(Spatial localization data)
Segment Open

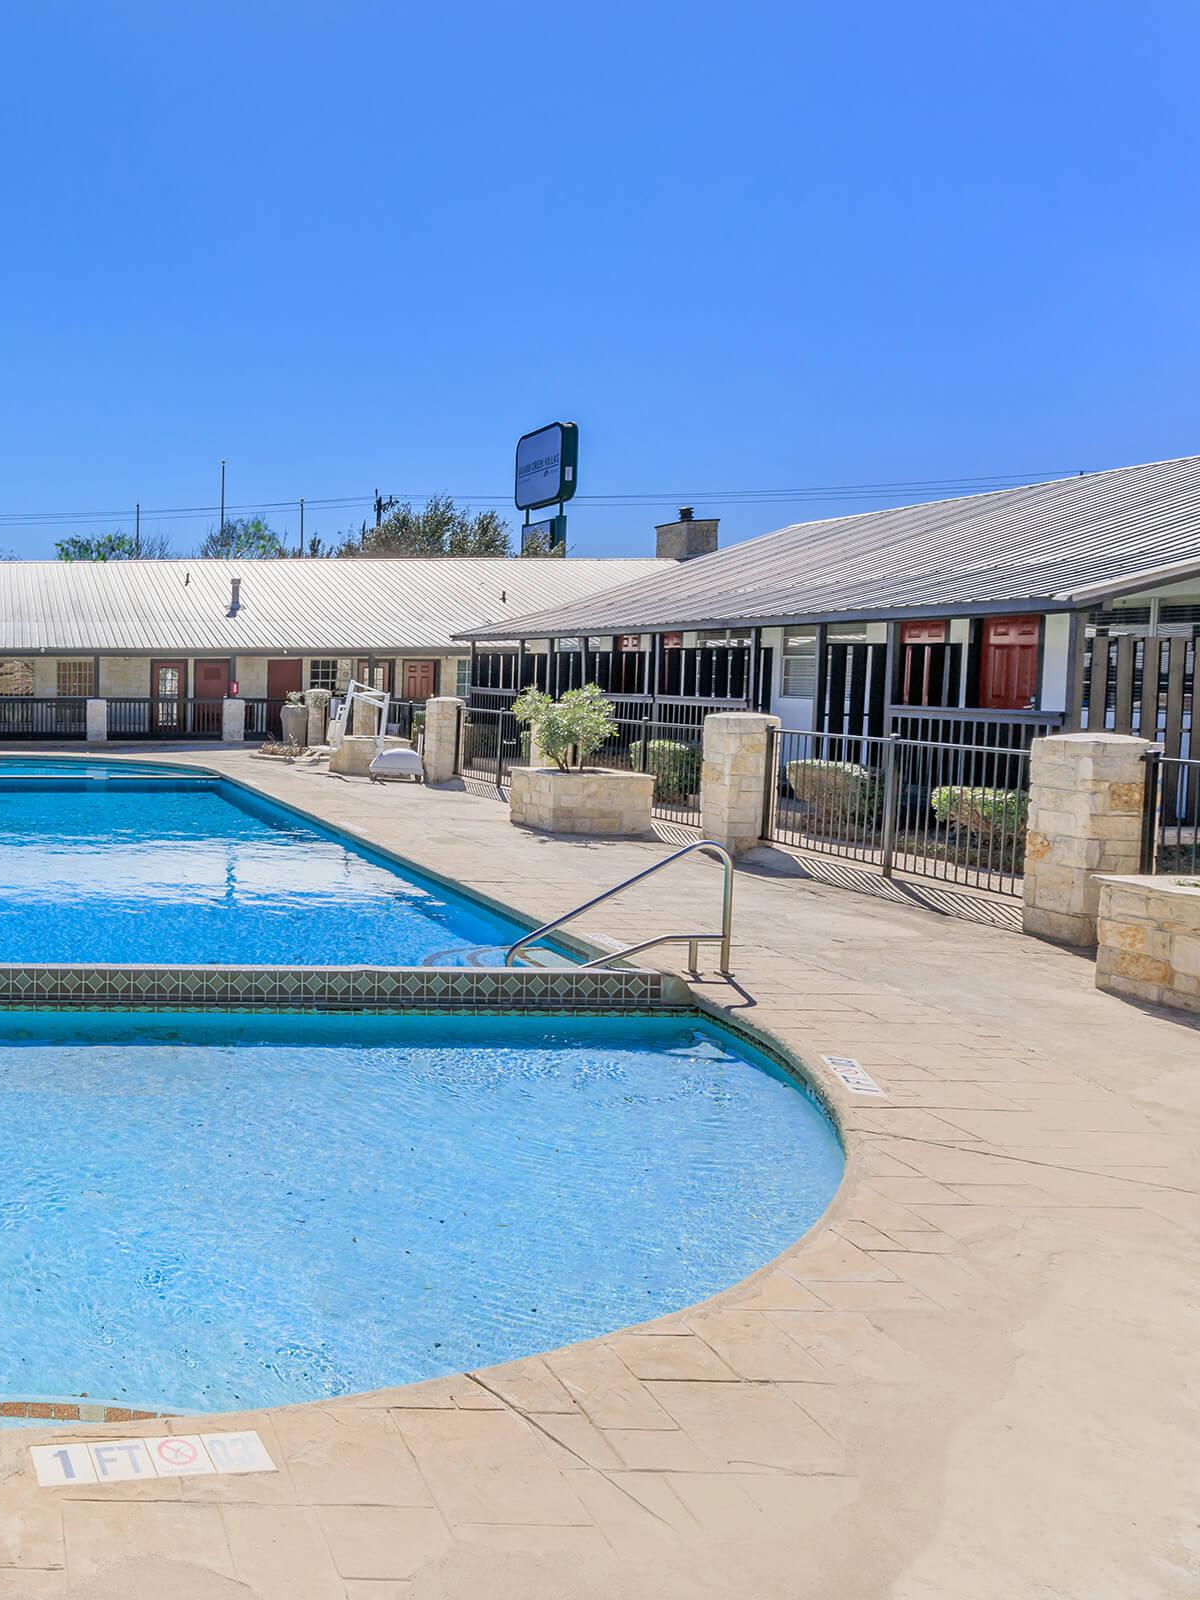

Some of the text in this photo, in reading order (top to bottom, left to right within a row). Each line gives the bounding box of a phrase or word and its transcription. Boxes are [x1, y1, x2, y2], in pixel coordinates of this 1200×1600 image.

[544, 453, 560, 466] VILLAS
[52, 1449, 76, 1479] 1
[94, 1445, 142, 1476] FT
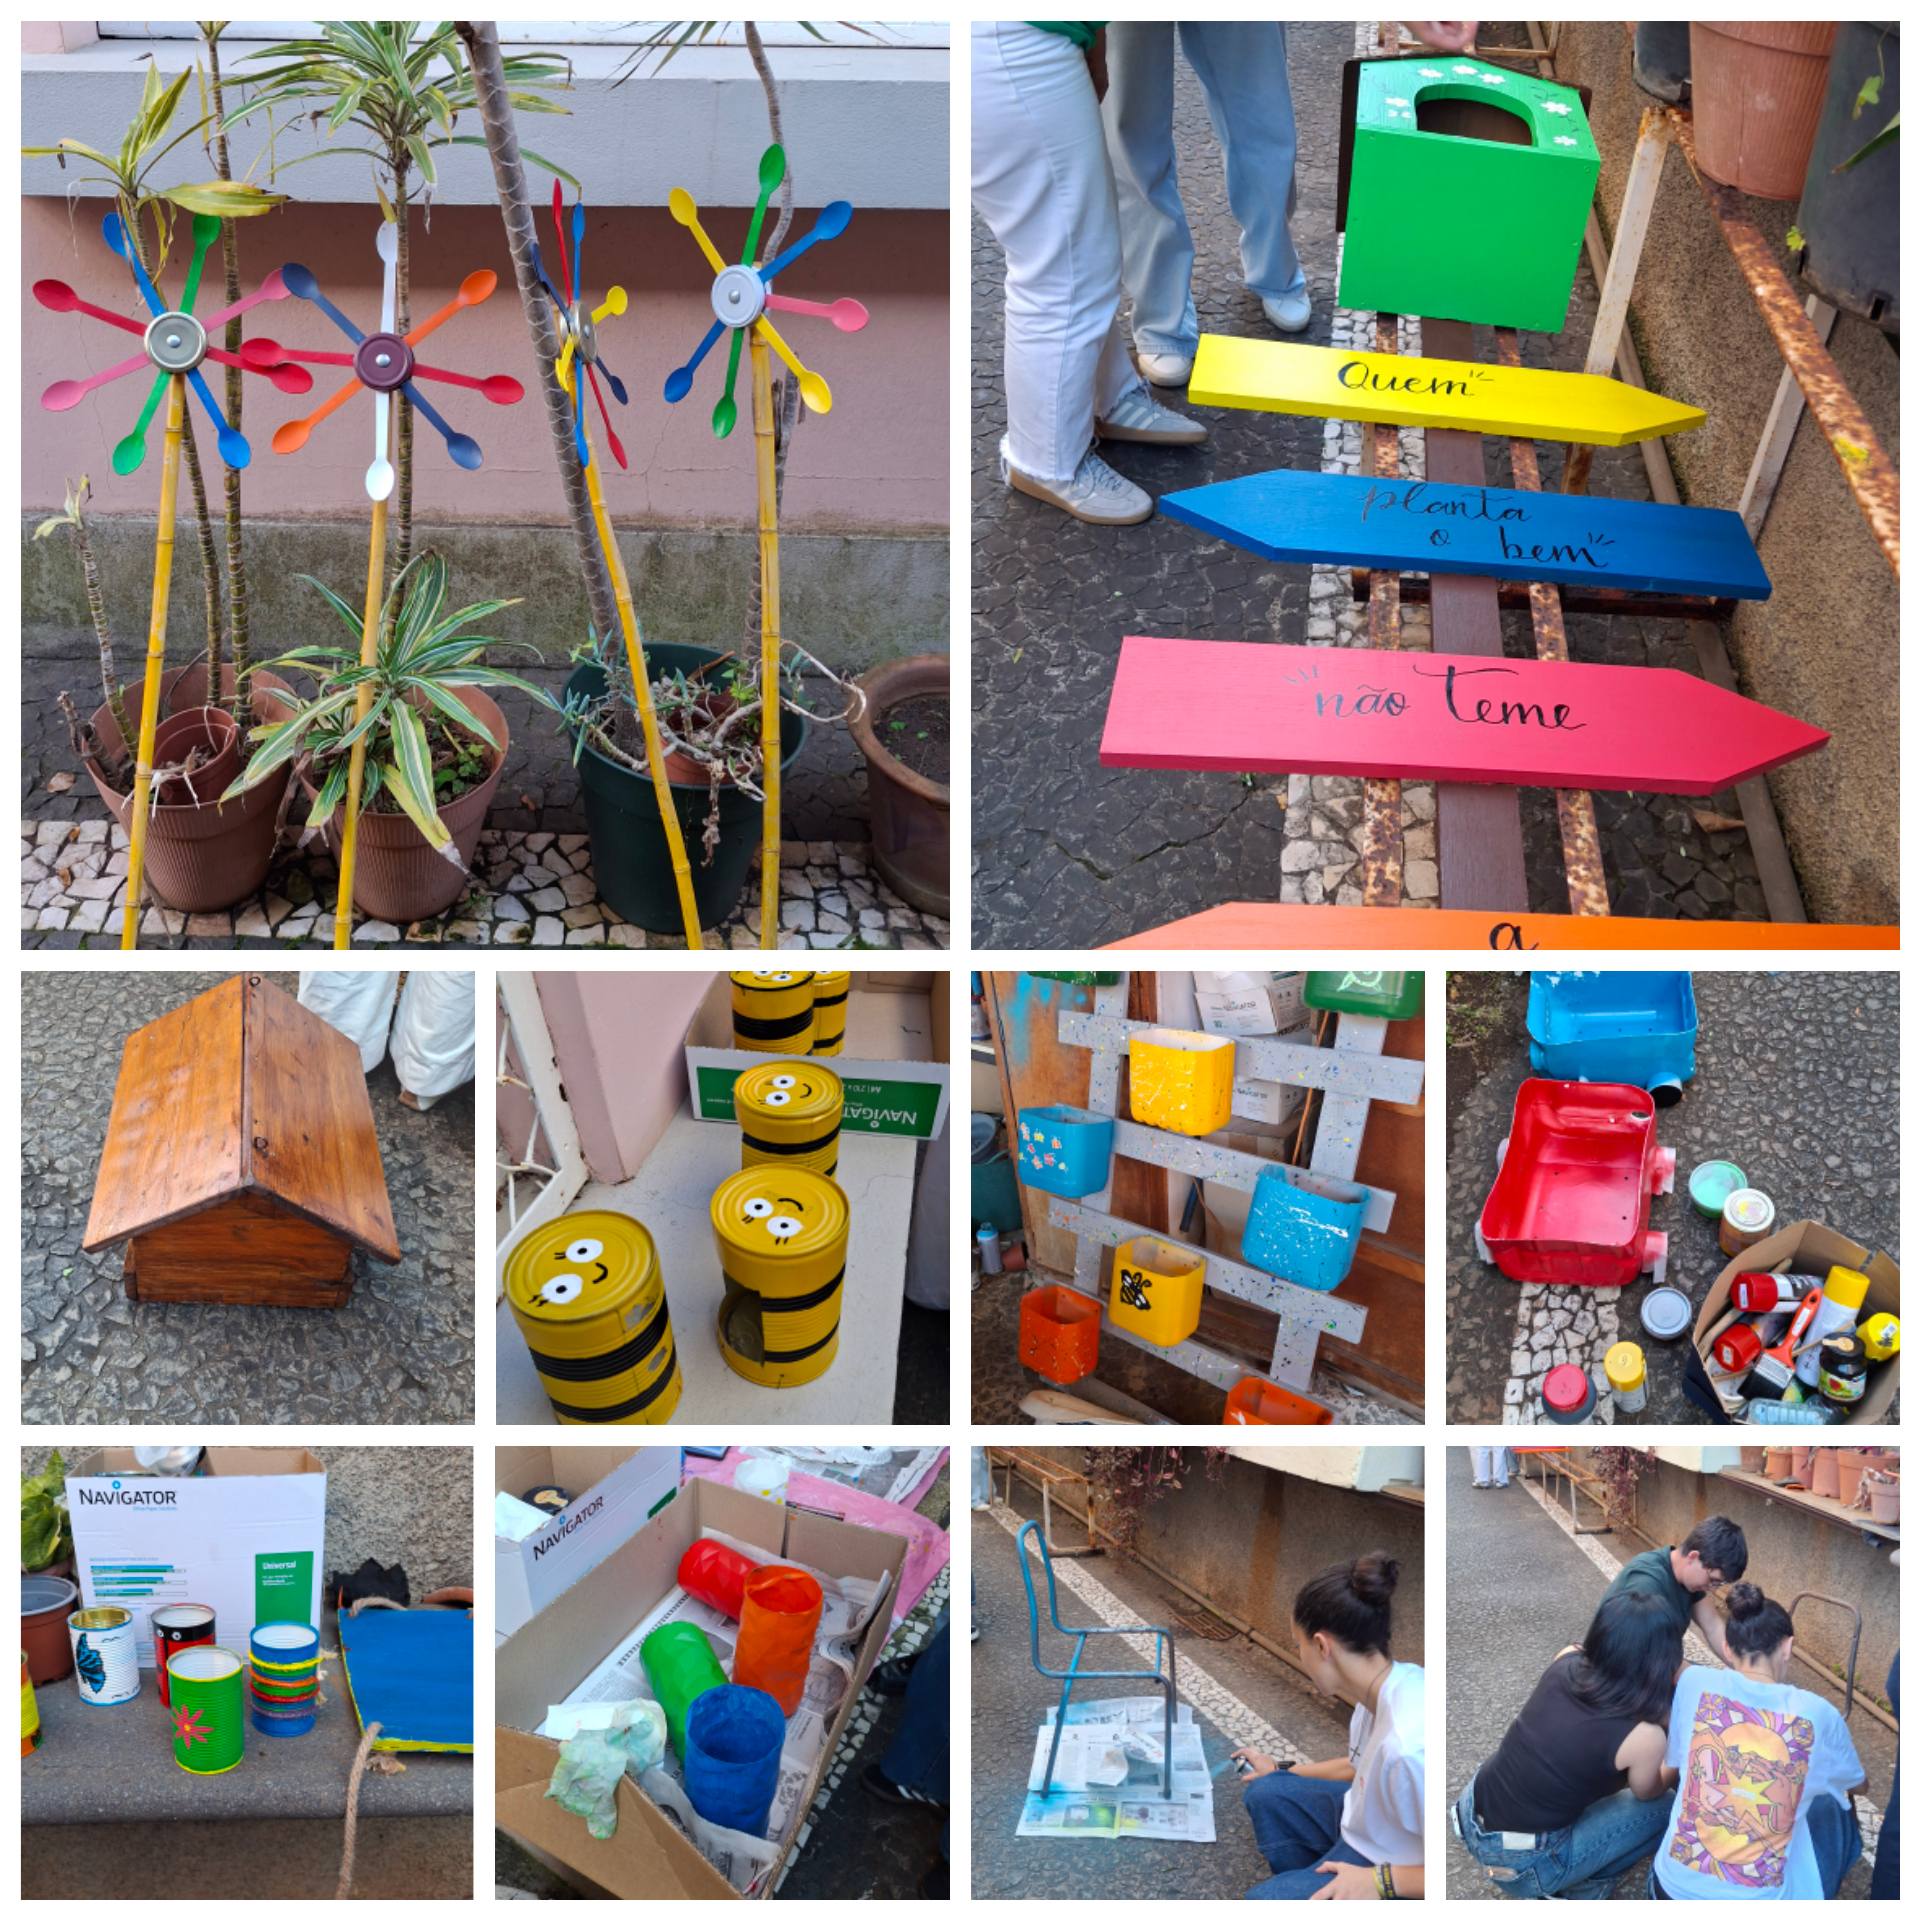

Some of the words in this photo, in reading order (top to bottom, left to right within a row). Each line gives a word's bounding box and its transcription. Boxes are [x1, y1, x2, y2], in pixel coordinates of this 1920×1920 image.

[1338, 362, 1474, 396] Quem
[1361, 483, 1532, 523] planta
[1430, 529, 1451, 546] o
[1500, 526, 1608, 568] bem
[1316, 684, 1410, 718] não
[1489, 922, 1540, 950] a
[843, 1106, 917, 1128] NAVIGAT
[78, 1480, 177, 1505] NAVIGATOR
[533, 1495, 605, 1561] NAVIGATOR

Segment Closed

(Task goal) What must be transcribed is the run of lines from the one containing "Some of the words" to the last line of the data above, inclusive, and only that.

(Written answer)
Some of the words in this photo, in reading order (top to bottom, left to right within a row). Each line gives a word's bounding box and its transcription. Boxes are [x1, y1, x2, y2], in pixel coordinates of this 1920×1920 image.

[1338, 362, 1474, 396] Quem
[1361, 483, 1532, 523] planta
[1430, 529, 1451, 546] o
[1500, 526, 1608, 568] bem
[1316, 684, 1410, 718] não
[1489, 922, 1540, 950] a
[843, 1106, 917, 1128] NAVIGAT
[78, 1480, 177, 1505] NAVIGATOR
[533, 1495, 605, 1561] NAVIGATOR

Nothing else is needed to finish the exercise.